Over recent weeks, an upsurge of inter-communal violence in the territory of Kwamouth, Mai-Ndombe province, Democratic Republic of Congo, has seen people being chased and killed, houses and villages burnt to the ground, roadblocks set up to intercept perceived enemies. Thousands of people have fled their homes to the forest or crossed the Kwa river to find shelter in improvised sites in the Bolobo territory.
“When we arrived in the area, we found thousands of people living in deplorable conditions, without shelter, access to drinking water or sanitation,” says Dr Dieya Papy, medical officer in Médecins Sans Frontières’ (MSF’s) emergency team.
“The area has a high prevalence of malaria and people’s living conditions were clearly putting them at risk of getting sick. We had to move quickly,” he says.
Responding to immediate needs
MSF's emergency team arrived in Kwamouth on 24 August to respond to people’s most pressing needs, while calling on other aid organisations to join the response. In a context of high tensions, the small team also tried its best to assist people who had fled further away.
“Our priority was to transport the seriously injured to Kinshasa and to improve living conditions on the sites as best as we could, by installing latrines and water points and distributing essentials such as mosquito nets, soap and water disinfection tablets,” says Dr Papy.
“People’s access to healthcare was extremely limited in the area, so we did donations to local health facilities and launched mobile clinics at the sites for displaced people in Simbambili and Sokoa,” says Dr Papy.
Over the past three weeks, MSF staff, assisted by two nurses from the Ministry of Health, have provided more than 750 medical consultations through mobile clinics, mostly for malaria and respiratory infections. They have also transported seriously injured people to hospitals in Kinshasa by boat and by road.
Patients traumatised by violence
Besides people’s immediate medical needs, the violent events have also left many people psychologically traumatised.

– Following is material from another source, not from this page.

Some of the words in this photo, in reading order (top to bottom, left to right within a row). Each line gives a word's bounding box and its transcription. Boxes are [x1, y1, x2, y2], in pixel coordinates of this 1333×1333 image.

When I heard the shots, I ran away with my sister to our aunt's house. But when we got there, men threatened us with their guns.Astrid*, 11 years old
“When I heard the shots, I ran away with my sister to our aunt's house,” says 11-year-old Astrid*. “But when we got there, men threatened us with their guns. The wanted us to show them the houses inhabited by people from the community they were chasing after.”
“They said they’d kill my little sister if we didn't. So, we pointed to the house in front of us. They went there and killed two children,” she says.

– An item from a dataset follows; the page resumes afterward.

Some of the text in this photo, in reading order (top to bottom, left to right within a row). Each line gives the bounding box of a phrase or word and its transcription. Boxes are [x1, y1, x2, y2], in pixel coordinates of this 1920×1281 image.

MSF psychologist Joel-Christopher Bolombo has provided mental healthcare to traumatised patients since he arrived in Kwamouth three weeks ago. “Some patients have nightmares, develop a mistrust of other communities that they did not have before, or show signs of depression or feelings of guilt,” he says.

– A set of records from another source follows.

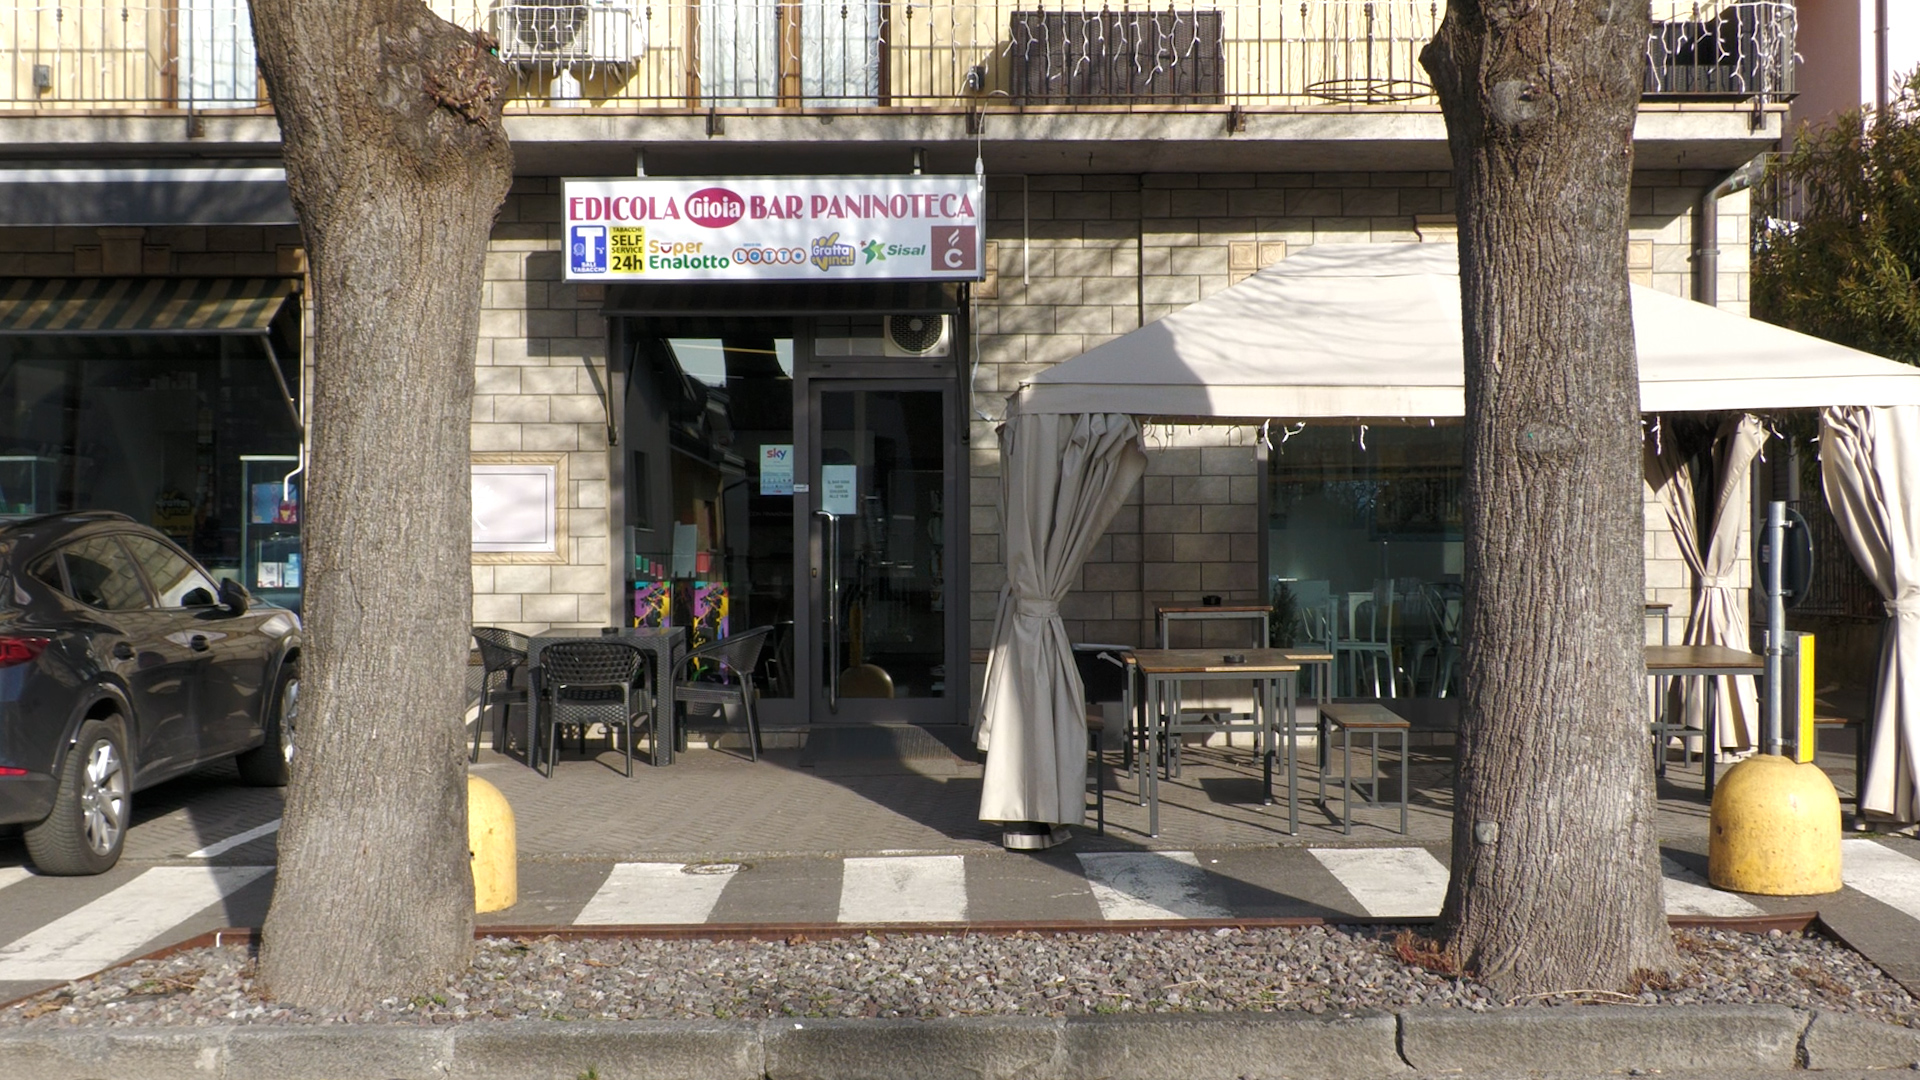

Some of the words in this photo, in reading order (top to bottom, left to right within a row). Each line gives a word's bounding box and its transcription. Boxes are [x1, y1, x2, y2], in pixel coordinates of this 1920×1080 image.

[570, 196, 680, 221] EDICOLA
[688, 196, 741, 219] Gioia
[750, 195, 803, 219] BAR
[811, 194, 975, 219] PANINOTECA
[576, 227, 604, 262] T
[611, 235, 643, 246] SELF
[649, 240, 703, 257] Super
[813, 245, 850, 255] Gratta
[887, 245, 926, 256] Sisal
[612, 255, 643, 270] 24h
[649, 254, 730, 269] Enalotto
[734, 249, 804, 263] LOTTO
[766, 448, 787, 460] sky

“In addition to providing traditional medical care, it is essential to help them express their feelings through words or drawings. This type of event leaves patients with invisible wounds that need to be addressed too,” says Bolombo.
Violence spreads to Bandundu
By mid-September, the security situation in Kwamouth had improved enough to allow many of the displaced people to return home, while the clashes and violence moved eastwards, towards the town of Bandundu.
“Last week, we sent a mobile team along the road to Bandundu to assess the needs, and we immediately found seriously injured people that we transferred to Kinshasa,” says Dr Papy. “The situation in this area remains extremely tense.”
“This week, we saw with our own eyes villages burned down and people massacred, in a very worrying pattern of attacks and revenge attacks,” he says. We have therefore decided to reinforce our presence in Bandundu to provide assistance to displaced people and respond to medical needs.”
At this point, we will leave a team in Kwamouth to be able to respond to any new flare-up of violence and needsDr Dieya Papy, medical officer
While the security situation in Kwamouth town had improved last week, tensions and violence continue to flare up, as happened on 20 September when an attack took place close to town. Following the attack, MSF staff helped treat the wounded at Kwamouth’s general hospital.
“At this point, we will leave a team in Kwamouth to be able to respond to any new flare-up of violence and needs,” says Dr Papy.
This is not the first time that MSF has launched an emergency response in Maï-Ndombe province following inter-communal violence. Following clashes between the Tende and Nunu communities in Yumbi in December 2018 – which caused the deaths of hundreds of people in just a few days – an MSF team treated the wounded in Yumbi’s general referral hospital and ran mobile clinics to provide people with medical care and psychological support.